**Aim of the exercise:** When you come to the line with "this 1600×1200 image.", begin repeating; continue exactly through the final line of the records and include nothing from before.

**Dataset content:**
- - -
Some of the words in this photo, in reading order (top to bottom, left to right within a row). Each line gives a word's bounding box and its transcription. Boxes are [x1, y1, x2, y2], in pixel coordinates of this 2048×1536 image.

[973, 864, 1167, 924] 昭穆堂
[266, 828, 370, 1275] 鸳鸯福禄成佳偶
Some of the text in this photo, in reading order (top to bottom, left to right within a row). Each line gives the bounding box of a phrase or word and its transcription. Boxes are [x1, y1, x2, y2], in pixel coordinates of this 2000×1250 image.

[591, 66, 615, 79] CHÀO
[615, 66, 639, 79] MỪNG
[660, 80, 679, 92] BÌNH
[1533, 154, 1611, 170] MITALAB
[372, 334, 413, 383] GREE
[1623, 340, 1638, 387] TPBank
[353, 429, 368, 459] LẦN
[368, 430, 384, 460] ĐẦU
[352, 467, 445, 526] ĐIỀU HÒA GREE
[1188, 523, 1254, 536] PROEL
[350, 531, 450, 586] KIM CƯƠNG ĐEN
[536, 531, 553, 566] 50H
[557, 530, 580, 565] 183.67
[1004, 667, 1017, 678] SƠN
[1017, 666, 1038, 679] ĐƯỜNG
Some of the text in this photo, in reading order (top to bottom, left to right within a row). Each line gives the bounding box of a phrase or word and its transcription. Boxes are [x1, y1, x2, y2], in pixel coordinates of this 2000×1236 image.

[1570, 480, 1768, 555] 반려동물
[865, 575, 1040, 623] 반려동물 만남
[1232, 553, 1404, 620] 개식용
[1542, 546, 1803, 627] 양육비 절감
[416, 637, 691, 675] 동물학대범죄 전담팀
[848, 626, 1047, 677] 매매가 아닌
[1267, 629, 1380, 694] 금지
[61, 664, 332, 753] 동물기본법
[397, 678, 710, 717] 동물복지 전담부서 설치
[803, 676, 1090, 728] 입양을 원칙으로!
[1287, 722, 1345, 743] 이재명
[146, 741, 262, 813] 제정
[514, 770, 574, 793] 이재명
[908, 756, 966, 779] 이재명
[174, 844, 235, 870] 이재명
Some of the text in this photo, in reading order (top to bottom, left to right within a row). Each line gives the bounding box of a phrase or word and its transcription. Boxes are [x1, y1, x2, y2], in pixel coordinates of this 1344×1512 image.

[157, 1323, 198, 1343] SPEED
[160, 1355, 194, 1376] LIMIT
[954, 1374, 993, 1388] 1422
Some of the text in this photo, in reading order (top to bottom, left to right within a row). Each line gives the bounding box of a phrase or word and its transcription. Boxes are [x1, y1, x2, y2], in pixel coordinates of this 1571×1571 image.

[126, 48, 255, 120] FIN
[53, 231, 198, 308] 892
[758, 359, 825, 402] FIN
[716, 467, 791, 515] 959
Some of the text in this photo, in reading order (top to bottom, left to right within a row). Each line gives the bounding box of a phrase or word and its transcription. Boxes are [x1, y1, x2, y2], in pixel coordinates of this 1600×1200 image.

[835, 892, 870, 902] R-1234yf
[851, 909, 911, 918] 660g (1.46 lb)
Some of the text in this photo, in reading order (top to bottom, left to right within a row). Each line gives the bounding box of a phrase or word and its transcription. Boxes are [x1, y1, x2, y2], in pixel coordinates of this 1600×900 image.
- - -
**Answer to the exercise:**
Some of the text in this photo, in reading order (top to bottom, left to right within a row). Each line gives the bounding box of a phrase or word and its transcription. Boxes are [x1, y1, x2, y2], in pixel coordinates of this 1600×1200 image.

[835, 892, 870, 902] R-1234yf
[851, 909, 911, 918] 660g (1.46 lb)
Some of the text in this photo, in reading order (top to bottom, left to right within a row). Each line gives the bounding box of a phrase or word and its transcription. Boxes are [x1, y1, x2, y2], in pixel coordinates of this 1600×900 image.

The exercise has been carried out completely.